The prime minister of Buganda Kingdom, one of Uganda’s influential traditional institutions, praised biotechnology and agricultural innovations after visiting a government research facility in Namulonge yesterday.
Prime Minister Charles Peter Mayiga was fascinated to see products bred using modern biotechnology in the biosciences laboratory at the National Crop Resources Research Institute (NaCCRI) as a team of prominent scientists explained to him the processes of conventional and modern plant breeding.
“I am so amazed by the level of advanced application of science in the laboratories used to breed plants free from pests and diseases,” the prime minister said. “This can increase yields in farmer fields, which we may export to cause change in the country’s economy.”
Dr. Titus Alicai, the head of NaCCRI’s root crops program, explained the basic diagnostic procedure of disease infection in plants using its DNA, which prompted the prime minister to ask, “What is DNA? What does it look like? Is it liquid? Can it be seen with naked eye?”
Alicai replied: “DNA is the carrier of genetic information and it is what makes all living things to be alive.

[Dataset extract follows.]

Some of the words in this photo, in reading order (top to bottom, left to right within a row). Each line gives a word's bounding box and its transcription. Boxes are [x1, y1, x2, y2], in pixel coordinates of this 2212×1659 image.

It can be seen under a microscope. For the case of cassava breeding, if farmers are complaining of their plants being infested by unknown disease, what we do is get the tender leaves of the plant, which are ground and cleaned, to enable us study the DNA. This way we shall get to know that the plant is infected with cassava brown streak virus (CBSV). Eventually we are able to use genetic modification to come up with clean planting materials free from CBSV.”

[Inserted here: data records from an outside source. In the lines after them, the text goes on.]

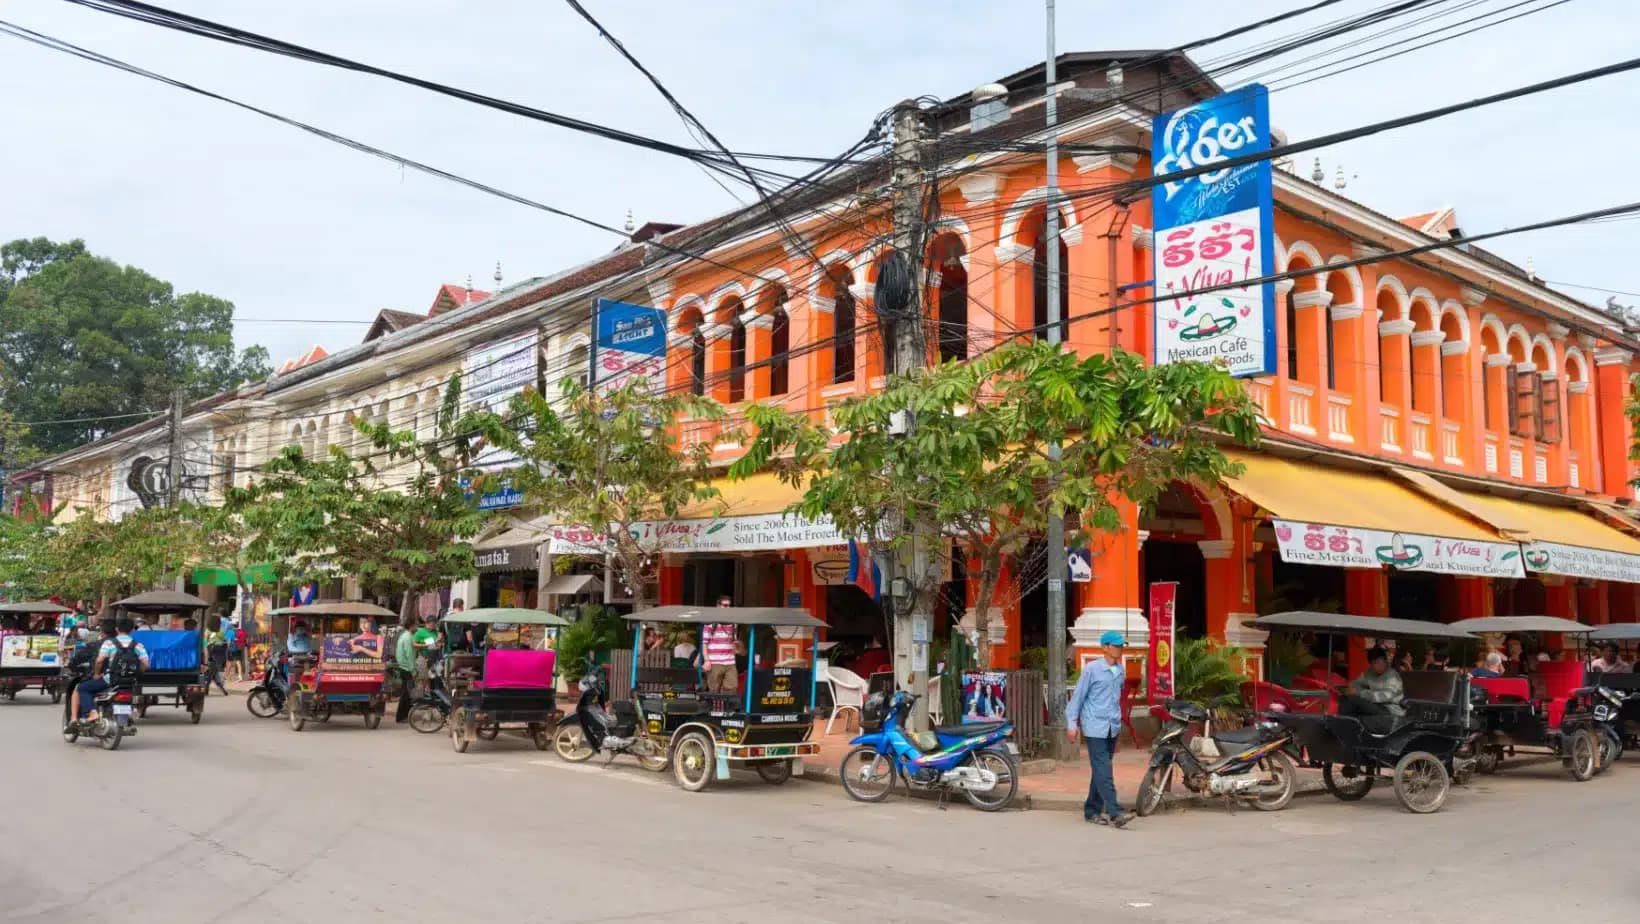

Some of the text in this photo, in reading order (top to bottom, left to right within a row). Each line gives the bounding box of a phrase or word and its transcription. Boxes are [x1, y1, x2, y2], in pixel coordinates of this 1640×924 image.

[1154, 115, 1258, 202] Tiger
[1168, 338, 1247, 361] Mexican Café
[734, 521, 761, 531] Since
[734, 533, 754, 544] Sold
[757, 532, 775, 543] The
[777, 531, 802, 543] Most
[1286, 548, 1372, 564] Fine Mexican

Mayiga was further mesmerized when scientists explained the process of plant breeding using genetic engineering in order to come up with clean planting material using tissue culture.

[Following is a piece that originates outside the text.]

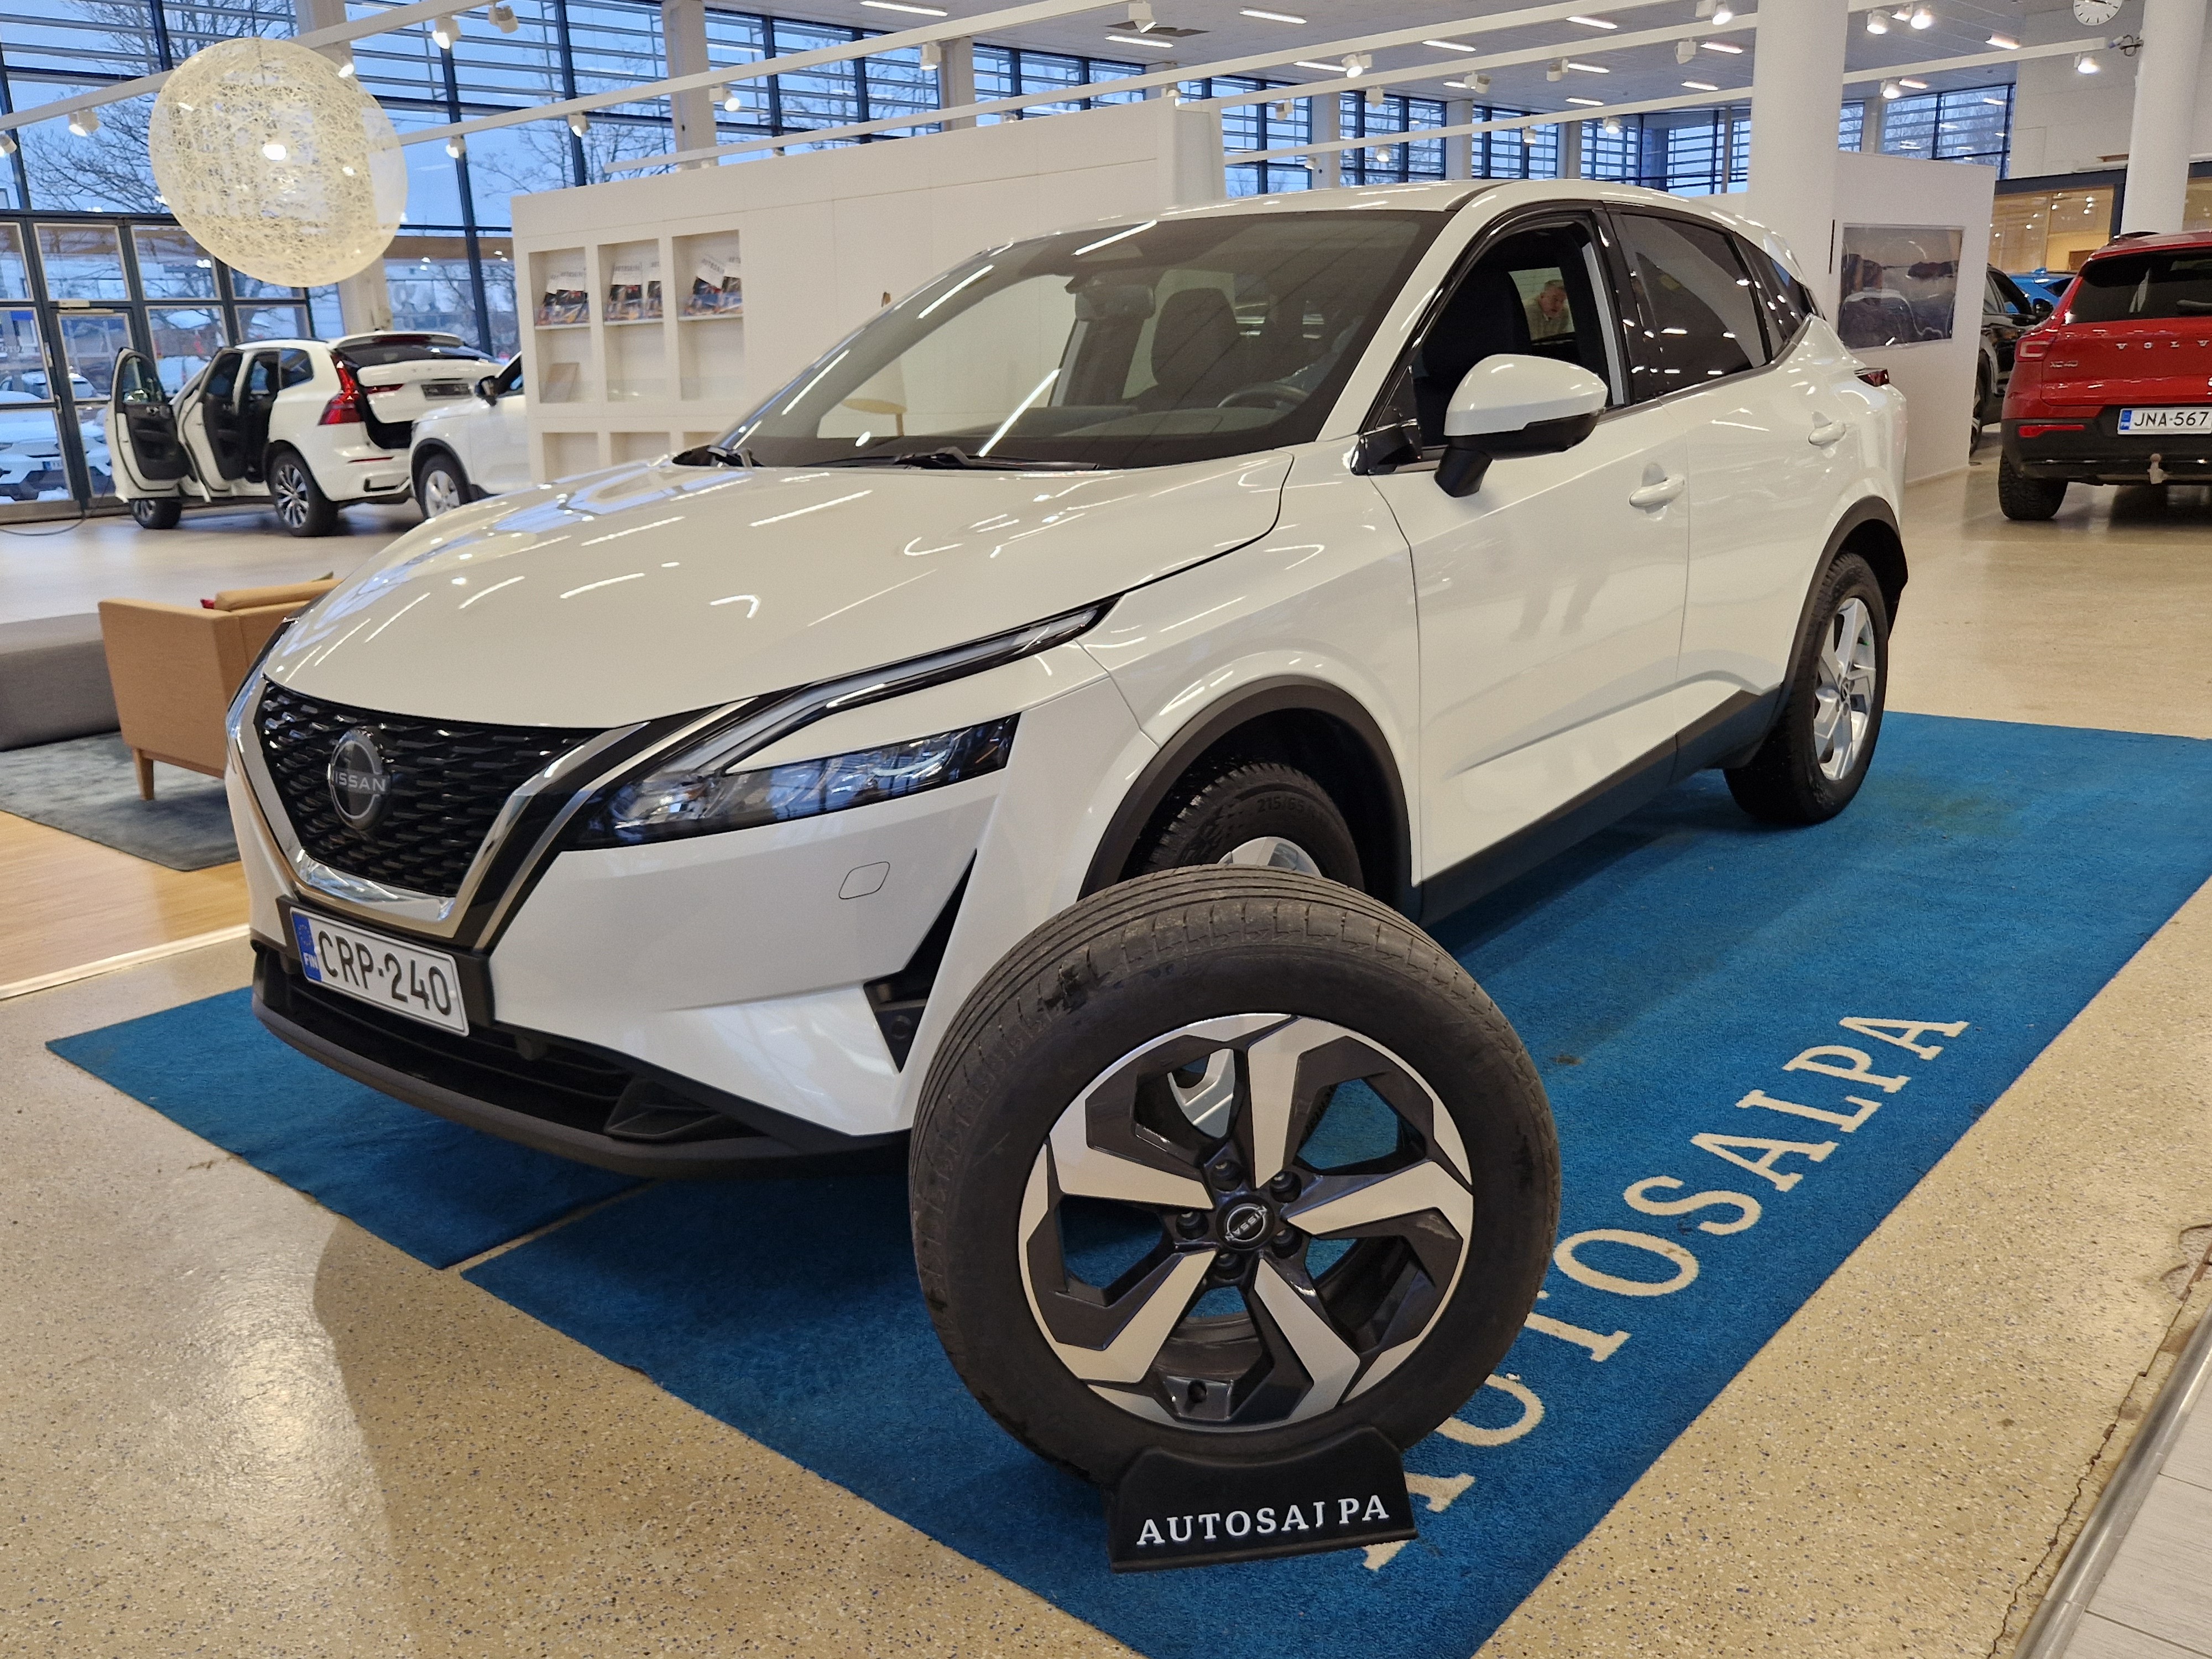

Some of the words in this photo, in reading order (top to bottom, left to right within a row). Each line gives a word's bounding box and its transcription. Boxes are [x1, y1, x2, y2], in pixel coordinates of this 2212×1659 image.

[2134, 411, 2209, 426] JNA-567
[303, 952, 319, 969] FIN
[318, 930, 451, 1016] CRP-240
[1225, 1205, 1267, 1241] NISSAN

Hellen Apio explained to him that in the biosciences lab, her team is able to breed cassava by extracting tiny cells from the cassava leaves, which are then grown in media placed in test tubes. Later, the plant is taken to screen houses and finally to the garden.
“We have done this in breeding banana resistant to banana bacterial wilt, coffee resistant to coffee twig borer, maize resistant to maize stalk borer and Irish potatoes resistant to late blight, among others,” she said. “For the case of cassava, we immunize it using CBSV, which is integrated in the cassava cell to fight the virus in the plant, and this way we are able to breed GMO cassava.”
This prompted Mayiga to say, “You scientists are very brilliant people. This science is very good because it is helping in breeding clean planting materials. I hear people opposing GMOs, then why are they doing so?”
While addressing those who received him at the Institute, Mayiga noted that the mission of the Buganda Kingdom is to create socio-economic change, particularly among its subjects in central Uganda, and this can only be done through transforming the agriculture sector.
“The King of the Buganda Kingdom has entrusted me to initiate programs which can change the lives of the people of Buganda and Uganda at large,” he said. “This country cannot compete with countries such as China and Japan in manufacturing vehicles, but we can compete with them in the agricultural sector by embracing technologies which are being used by our scientists.”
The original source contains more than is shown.